Key factors cited by the Court as evidence of non-reasonable due diligence:

  • Counsel did not use all the company’s attorneys names as search terms;
  • Counsel did not search the body of email messages when filtering materials;
  • Counsel did not thoroughly test the software to ensure the software operate as expected (documents that should have been identified as privileged with counsel’s search were not identified); and
  • Counsel did not do adequate follow-up analysis (or review) to ensure the statistical validity of the search.

Appendix – Key Factors – in Rhoads

  • Counsel should design their searches using attorney names if filtering attorney privileged materials.  Counsel should be familiar with the software used, and search the entire data set including both meta data and content, and test the results of any search using a statically valid method.  One resource I find as an invaluable introduction in designing a statistically valid search is Statistics in a Nutshell A Desktop Quick Reference, by Sarah Boslaugh, Dr. Paul A. Watters (available at http://oreilly.com/catalog/9780596510497/index.html).
  • Company purchased a special software program, Discovery Attender, for the purposes of complying with discovery in this litigation.
  • Discovery Attender is an e-discovery tool designed to automate investigative tasks in PST files, Exchange mailboxes, public folders and common storage areas. (See www.sherpasoftware.com/DAEOverview.shtml)
  • Company in error produced documents that the limited search run by the company should have caught. Company’s counsel not only failed to craft the right searches, but the searches it ran failed. Counsel has no explanation as to why the search did not work properly.
  • Company’s technical consultant conducted trial searches prior to purchasing the software and was satisfied with its reliability and accuracy.
  • Company’s counsel did no formal testing of the reliability or comprehensiveness of the keyword search.  As noted in Stanley, relying exclusively on a keyword search for the purpose of conducting a privilege review is improper, and proper quality assurance testing is a factor in whether precautions were reasonable.
  • Company’s counsel/technical leads were experienced with the company’s computer system.
  • Company’s counsel was not experienced with the computer system and how to search it.
  • Company created selected keyword filter terms that would pick up all attorney-client communication.

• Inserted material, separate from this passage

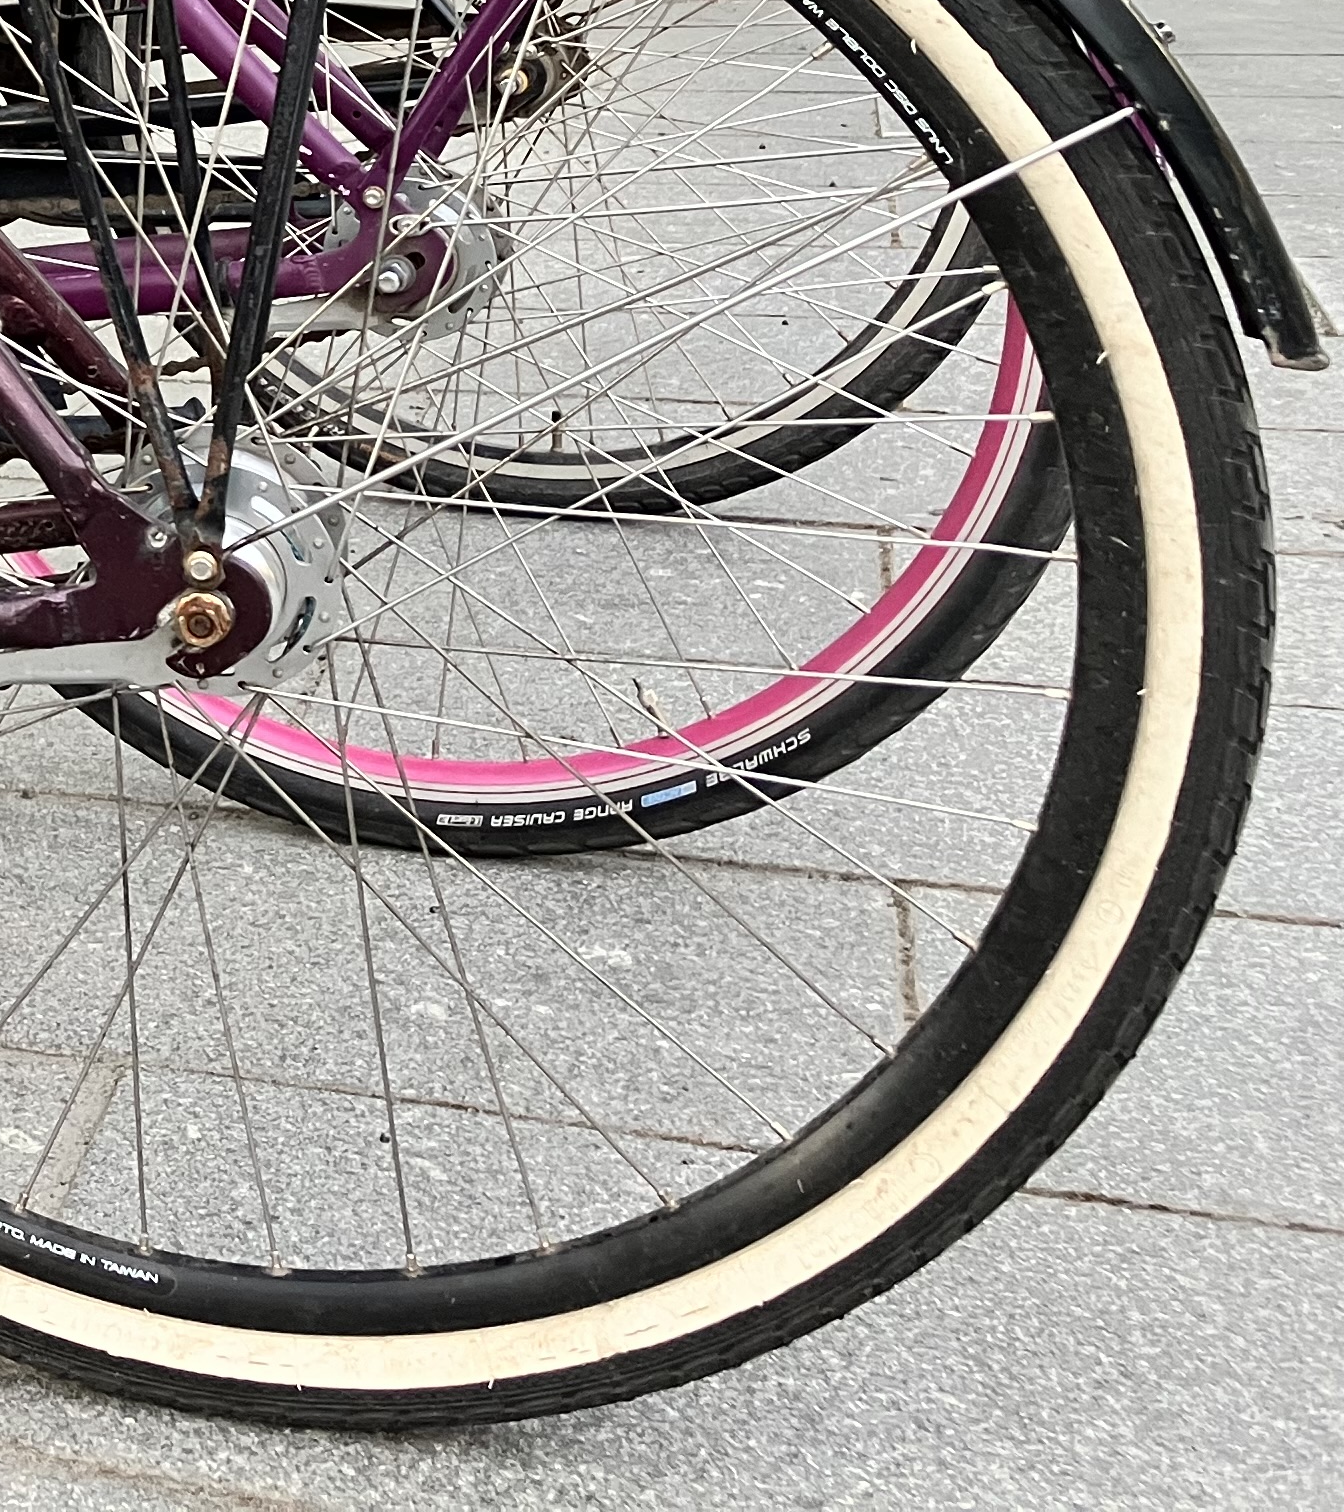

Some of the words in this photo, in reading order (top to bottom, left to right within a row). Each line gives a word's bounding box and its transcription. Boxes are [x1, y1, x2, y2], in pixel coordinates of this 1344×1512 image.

  • Company’s search for privileged documents was limited to e-mail address lines (as opposed to the e-mail body). Any potentially privileged e-mails that were subsequently forwarded outside of the company were not captured by the search.
  • Company’s counsel had what they thought to be a reasonable basis to not include “privileged” or “confidential” as keyword search terms: all Rhodas e-mails use these words in the signature line at the bottom of every e-mail, and thus use of these words would have identified every Rhodas document as privileged.

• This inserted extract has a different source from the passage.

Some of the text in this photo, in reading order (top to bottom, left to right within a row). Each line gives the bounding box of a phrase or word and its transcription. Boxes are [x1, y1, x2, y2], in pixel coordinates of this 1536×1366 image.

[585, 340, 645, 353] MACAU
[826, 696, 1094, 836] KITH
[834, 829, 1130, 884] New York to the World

  • Company should have used additional search terms to weed out potentially privileged documents, especially the names of all of its attorneys. See Bensel v. Air Line Pilots Ass’n, 248 F.R.D. 177, 180 (D.N.J.2008).
  • Counsel did not come up with alternative searches such as “attorney w/2 client” that would have identified attorney-client privilege e-mails.
  • Counsel spent over 40 hours reviewing documents for privilege before production. Additional attorneys spent significant hours on the privilege review.
  • Junior level attorney conducted privilege review.  She had no prior experience doing a privilege review and her supervising attorneys did not provide any detailed oversight.